What the exercise asks
If a record holds a picture, leave the picture out and repeat everything else exactly.
_ _ _
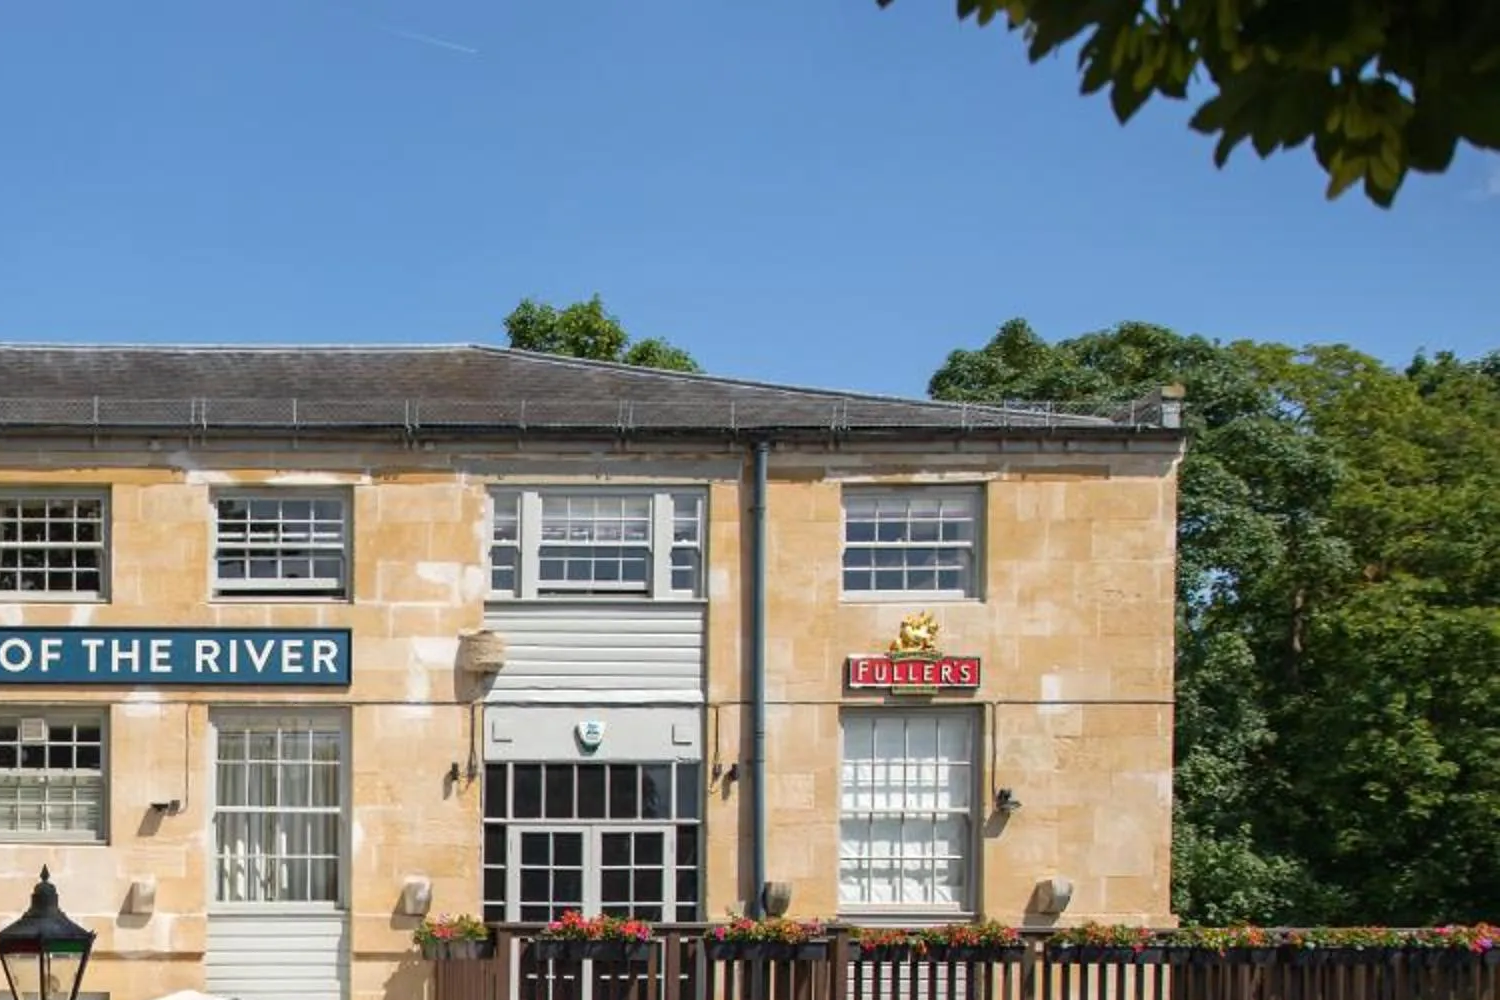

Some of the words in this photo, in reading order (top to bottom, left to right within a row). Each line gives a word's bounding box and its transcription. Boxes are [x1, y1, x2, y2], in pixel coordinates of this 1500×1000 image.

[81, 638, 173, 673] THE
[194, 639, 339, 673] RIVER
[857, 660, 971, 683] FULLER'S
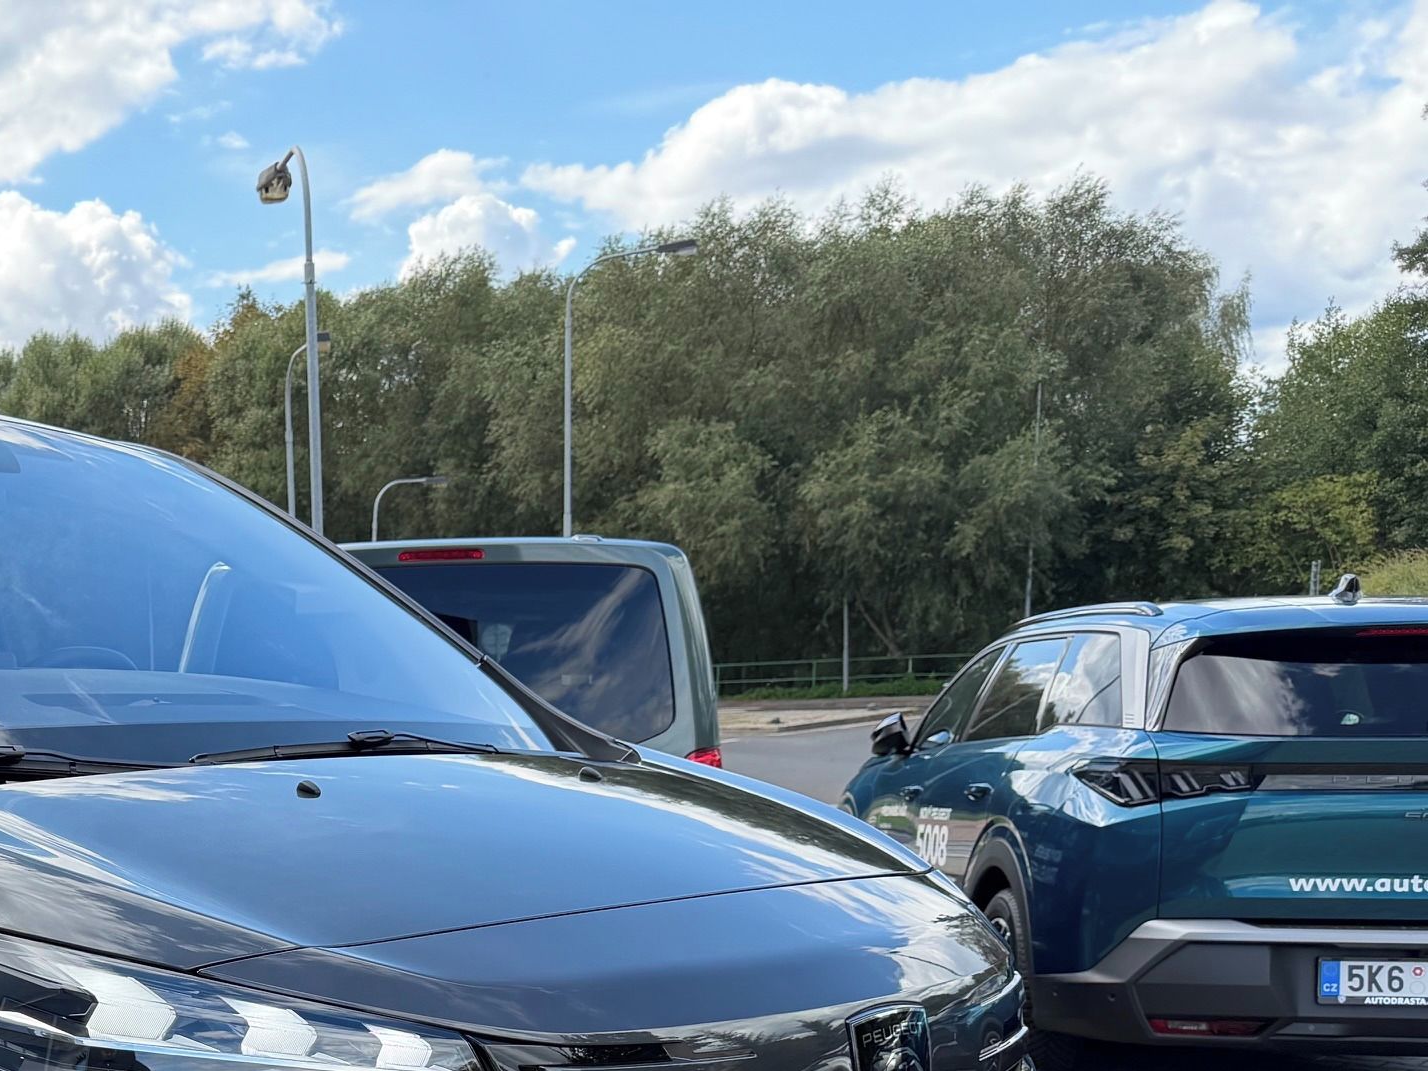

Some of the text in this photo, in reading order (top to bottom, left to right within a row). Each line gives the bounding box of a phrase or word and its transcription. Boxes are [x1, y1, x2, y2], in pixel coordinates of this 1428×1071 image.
_ _ _
Result for this task
Some of the words in this photo, in reading order (top to bottom, left to right within a row). Each line gives a word's bounding box and its transcription. Boxes are [x1, y1, x2, y2], in pixel coordinates of this 1500×1000 image.

[81, 638, 173, 673] THE
[194, 639, 339, 673] RIVER
[857, 660, 971, 683] FULLER'S

Some of the text in this photo, in reading order (top to bottom, left to right within a row). Each line gives the bounding box of a phrase or word and its transcription. Boxes are [x1, y1, x2, y2], in pixel coordinates of this 1428×1071 image.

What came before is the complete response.